- Fallout from the U.S. banking crisis is likely to tilt the economy into recession later this year, according to Federal Reserve documents released Wednesday.
- Federal Reserve staff gave FOMC members a presentation about potential repercussions from the failure of Silicon Valley Bank and other tumult in the financial sector that began in early March.
- Though Vice Chair for Supervision Michael Barr said the banking sector "is sound and resilient," staff economists said the economy will take a hit.
WASHINGTON – Fallout from the U.S. banking crisis is likely to tilt the economy into recession later this year, according to Federal Reserve documents released Wednesday.
Minutes from the March meeting of the Federal Open Market Committee included a presentation from staff members on potential repercussions from the failure of Silicon Valley Bank and other tumult in the financial sector that began in early March.
Though Vice Chair for Supervision Michael Barr said the banking sector "is sound and resilient," staff economists said the economy will take a hit.
"Given their assessment of the potential economic effects of the recent banking-sector developments, the staff's projection at the time of the March meeting included a mild recession starting later this year, with a recovery over the subsequent two years," the meeting summary said.

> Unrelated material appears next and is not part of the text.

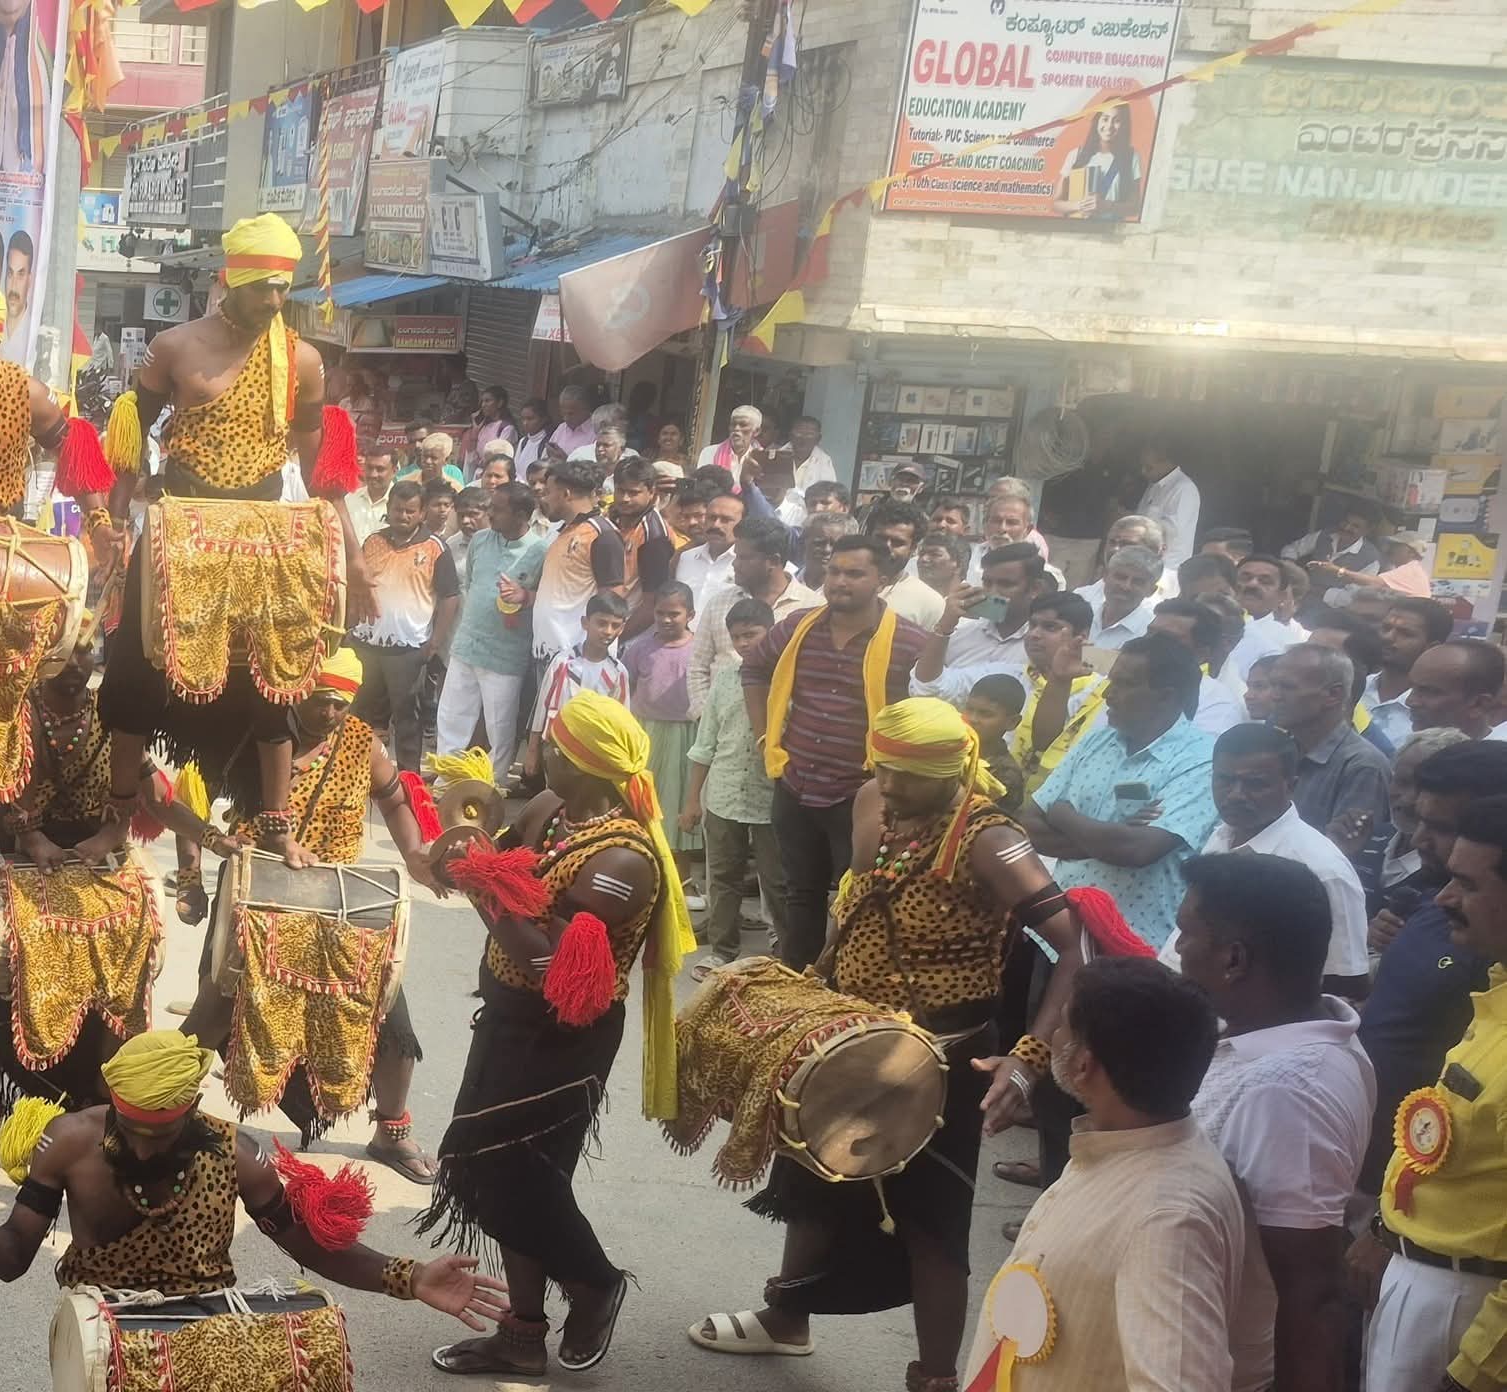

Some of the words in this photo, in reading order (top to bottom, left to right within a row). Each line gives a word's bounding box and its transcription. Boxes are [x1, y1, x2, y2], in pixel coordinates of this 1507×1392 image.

Projections following the meeting indicated that Fed officials expect gross domestic product growth of just 0.4% for all of 2023. With the Atlanta Fed tracking a first-quarter gain around 2.2%, that would indicate a pullback later in the year.

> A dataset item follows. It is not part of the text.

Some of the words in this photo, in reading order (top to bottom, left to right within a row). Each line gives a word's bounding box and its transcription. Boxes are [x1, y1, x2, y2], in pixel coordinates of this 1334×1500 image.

That crisis had caused some speculation that the Fed might hold the line on rates, but officials stressed that more needed to be done to tame inflation.
FOMC officials ultimately voted to increase the benchmark borrowing rate by 0.25 percentage point, the ninth increase over the past year. That brought the fed funds rate to a target range of 4.75%-5%, its highest level since late 2007.

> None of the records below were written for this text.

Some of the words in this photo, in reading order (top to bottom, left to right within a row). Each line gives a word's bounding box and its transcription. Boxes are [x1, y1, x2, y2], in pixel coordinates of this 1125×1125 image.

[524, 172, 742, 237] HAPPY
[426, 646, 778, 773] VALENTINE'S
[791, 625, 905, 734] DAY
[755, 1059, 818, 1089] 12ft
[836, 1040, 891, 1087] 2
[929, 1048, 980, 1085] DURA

The rate hike came less than two weeks after Silicon Valley Bank, at the time the 17th largest institution in the U.S., collapsed following a run on deposits. The failure of SVB and two others spurred the Fed to create emergency lending facilities to make sure banks could continue operations.
Since the meeting, inflation data has been mostly cooperative with the Fed's goals. Officials said at the meeting that they see prices falling further.
"Reflecting the effects of less projected tightness in product and labor markets, core inflation was forecast to slow sharply next year," the minutes said.
But concern over broader economic conditions remained high, particularly in light of the banking problems. Following the collapse of SVB and the other institutions, Fed officials opened a new borrowing facility for banks and eased conditions for emergency loans at the discount window.
The minutes noted that the programs helped get the industry through its troubles, but officials said they expect lending to tighten and credit conditions to deteriorate.
"Even with the actions, participants recognized that there was significant uncertainty as to how those conditions would evolve," the minutes said.
Half-point hike if not for crisis?
Several policymakers questioned whether to hold rates steady as they watched to see how the crisis unfolded. However, they relented and agreed to vote for another rate hike "because of elevated inflation, the strength of the recent economic data, and their commitment to bring inflation down to the Committee's 2 percent longer-run goal."
In fact, the minutes noted that some members were leaning toward a half-point rate rise prior to the banking problems. Officials said inflation is "much too high" though they stressed that incoming data and the impact of the hikes will have to be considered when formulating policy ahead.
"Several participants emphasized the need to retain flexibility and optionality in determining the appropriate stance of monetary policy given the highly uncertain economic outlook," the minutes said.
Inflation data has been generally cooperative with the Fed's aims.
The personal consumption expenditures price index, which is the inflation gauge policymakers watch the most, increased just 0.3% in February and was up 4.6% on an annual basis. The monthly gain was less than expected.
Earlier Wednesday, the consumer price index showed a rise of just 0.1% in March and decelerated to a 5% annual pace, the latter figure down a full percentage point from February.
However, that headline CPI reading was held back mostly by tame food and energy prices, and a boost in shelter costs drove core inflation higher by 0.4% for the month and 5.6% from a year ago, slightly above where it was in February. The Fed expects housing inflation to slow through the year.
There was some bad news on the inflation front: A monthly survey from the New York Fed showed that inflation expectations over the next year increased half a percentage point to 4.75% in March.
Markets as of Wednesday afternoon were assigning about a 72% chance of one more quarter percentage point rate hike in May before a policy pivot where the Fed cuts before the end of the year, according to CME Group data.
Though the FOMC approved an increase in March, it did alter language in the post-meeting statement. Where previous statements referred to the need for "ongoing increases," the committee changed the phrasing to indicate that more hikes "may be appropriate."